A new unpatched Zero-day vulnerability found in Adobe Type Manager Library ( ATMFD.dll ) shipped into Windows allows attackers to run arbitrary codes remotely in victim’s systems . 

A Zero-day exploit is an attack that is based on flaws unknown to the software creator ( until it is implemented ). Meanwhile the bug is fixed by software vendor, the vulnerabilities are exploited.

Adobe Type Manager Library’s Zero-day attack is limited and targeted as noticed by the company , it is recommended to users who feel like being targeted need to follow the steps in recent Microsoft’s security advisory – ADV200006 to reduce the risk.

Currently supported Windows versions like Windows 10/7/8.1, Windows RT , Windows Server 2008/2012/2016/2019 also Windows 7 are observed to be the affected ones . A detailed list is present in the advisory mentioned above .

According to Microsoft , the affected OS contain two remote code execution vulnerabilities caused by , the way Windows version of ATM library handles Adobe Type 1 ( worldwide standard for digital type fonts ) PostScript format inside Windows.

An attacker can take advantage of this flaw in many ways , like persuading a user to open specially crafted files in the File Explorer’s Preview Pane or Details Pane.

The workarounds and their impacts included in the aforementioned link :

  • Disabling the Preview and Details Pane of Windows Explorer ( or File Explorer ) – this will not allow Explorer to auto display OpenTypeFonts format files or any other files crafted maliciously by the attacker . But this doesn’t restrict user to unknowingly open the malicious files . 
  • Disabling the WebClient service in affected systems – If WebClient is disabled remote web content authoring operations through WebDAV ( an extension of HTTP ) will be down and WebDAV request are not processed . Attacker will still be able to perform remote activities through victim’s web, but victim’s confirmation is required before launching any arbitrary programs from internet.
  • Renaming the ATMFD.dll file – ATMFD.dll is a kernel module which provides support to execute apps dependent on embedded font technology.
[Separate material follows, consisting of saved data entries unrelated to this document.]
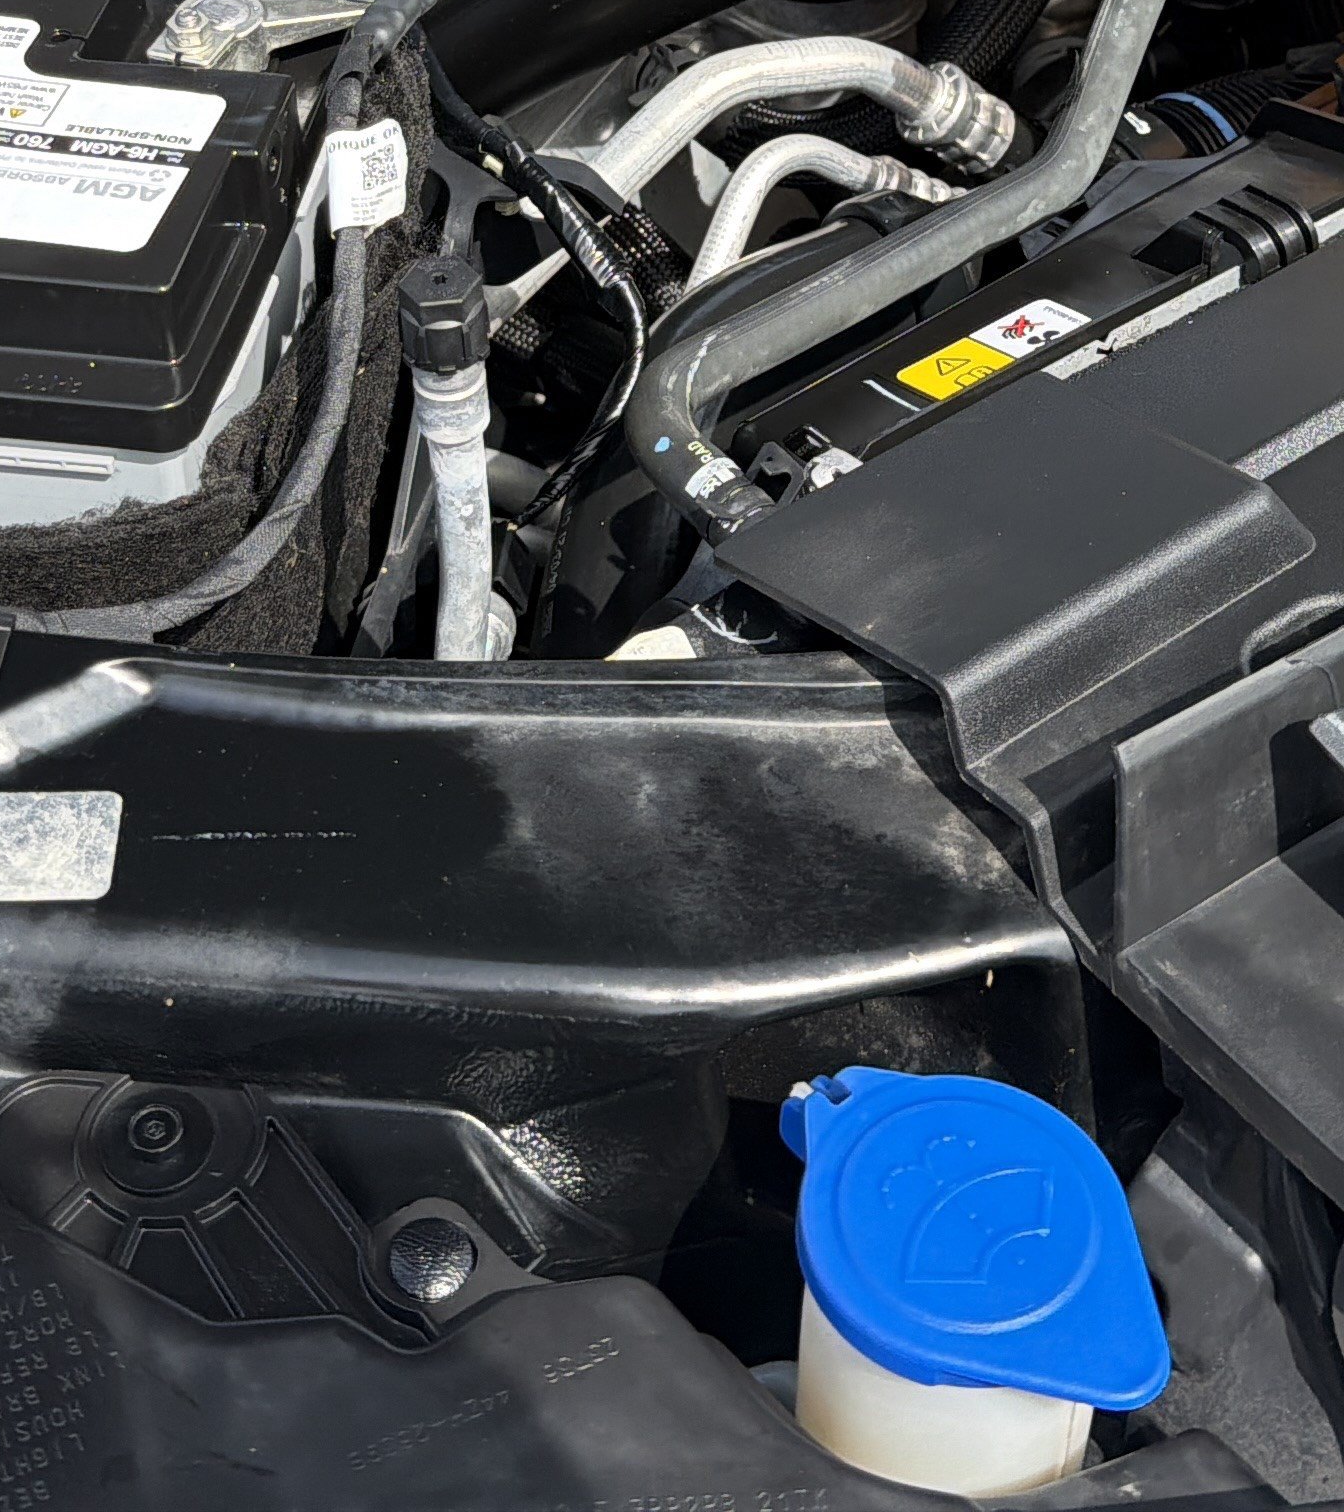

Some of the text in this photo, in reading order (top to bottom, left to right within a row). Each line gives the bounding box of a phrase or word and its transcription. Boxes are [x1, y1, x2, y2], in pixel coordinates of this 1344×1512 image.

[11, 133, 55, 150] 760
[64, 124, 192, 145] NON-SPILLABLE
[69, 139, 158, 161] H6-AGM
[73, 179, 166, 202] AGM
[687, 440, 714, 464] RAD
[3, 1308, 75, 1352] HORZ
Applications which rely on OpenType fonts may stop working if Adobe Type Manager Font Driver ( ATMFD ) is disabled . However, Windows 10 version 1709 and above doesn’t contain ATMFD.dll .
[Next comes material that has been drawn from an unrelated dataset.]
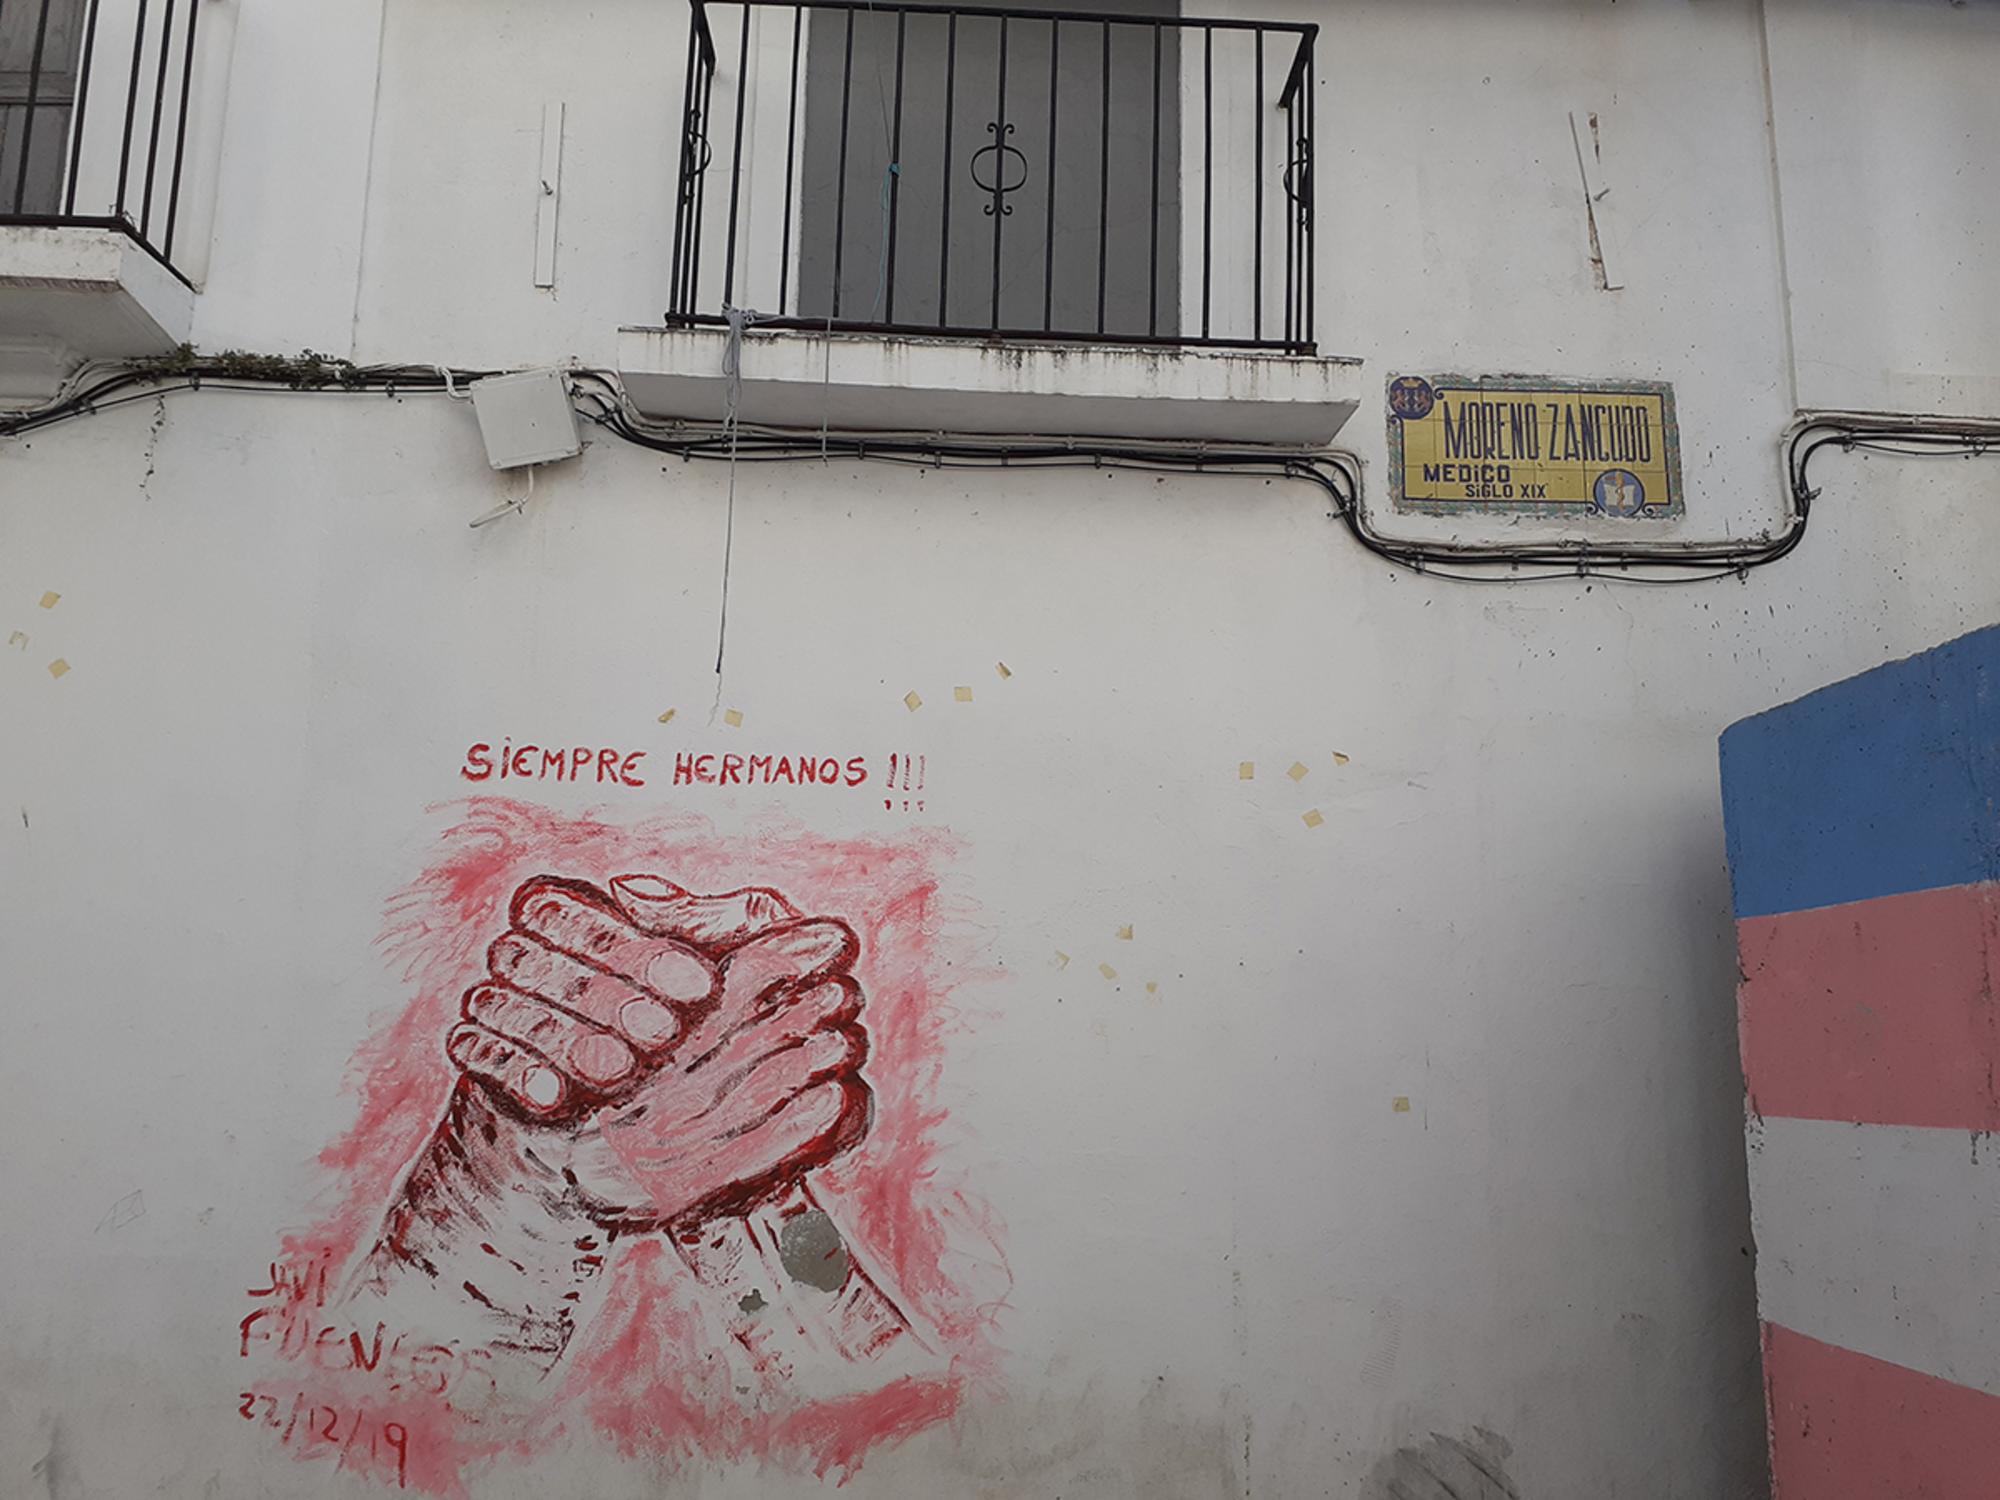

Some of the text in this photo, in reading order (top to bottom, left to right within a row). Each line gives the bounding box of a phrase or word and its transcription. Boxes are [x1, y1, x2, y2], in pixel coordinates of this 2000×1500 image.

[1442, 400, 1652, 463] MORENO ZANCUDO
[1520, 483, 1548, 499] XIX
[672, 751, 870, 788] HERMANOS
But in systems with Windows 10 , though the attacker succeeds in exploitation , the code execution is carried in AppContainer sandbox context with limited privileges and capabilities , noted by Microsoft.

The company is working on developing fixes to this bug .”Microsoft is aware of this vulnerability and working on a fix. Updates that address security vulnerabilities in Microsoft software are typically released on Update Tuesday, the second Tuesday of each month .”, reads the advisory guide.